Your goal
Pictures are to be dropped from the copy. Retype the listing exactly.

☆ ☆ ☆ ☆

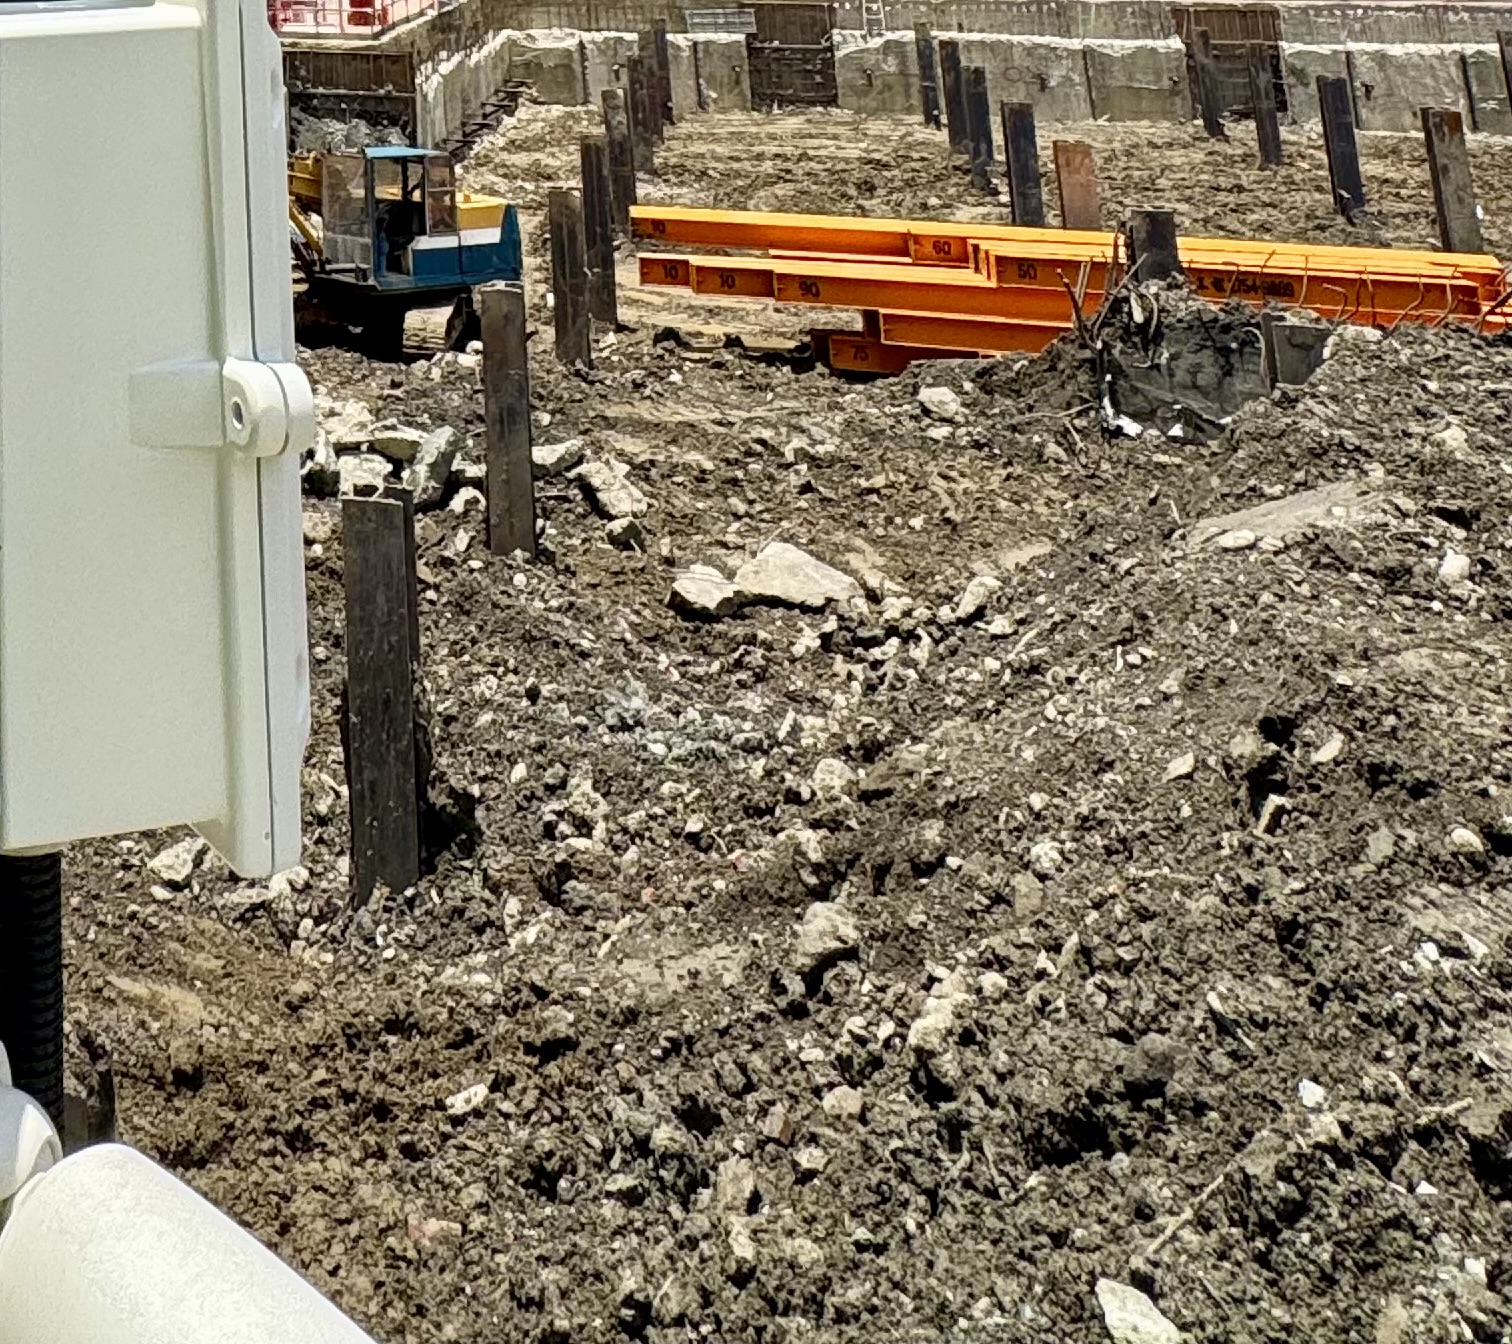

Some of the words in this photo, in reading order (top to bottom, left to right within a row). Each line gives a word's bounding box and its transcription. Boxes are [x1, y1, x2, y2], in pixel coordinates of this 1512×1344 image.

[663, 264, 679, 280] 10
[718, 271, 736, 289] 10
[1017, 262, 1037, 280] 50
[798, 280, 820, 298] 90

☆ ☆ ☆ ☆

Worked solution
Some of the words in this photo, in reading order (top to bottom, left to right within a row). Each line gives a word's bounding box and its transcription. Boxes are [x1, y1, x2, y2], in pixel coordinates of this 1512×1344 image.

[663, 264, 679, 280] 10
[718, 271, 736, 289] 10
[1017, 262, 1037, 280] 50
[798, 280, 820, 298] 90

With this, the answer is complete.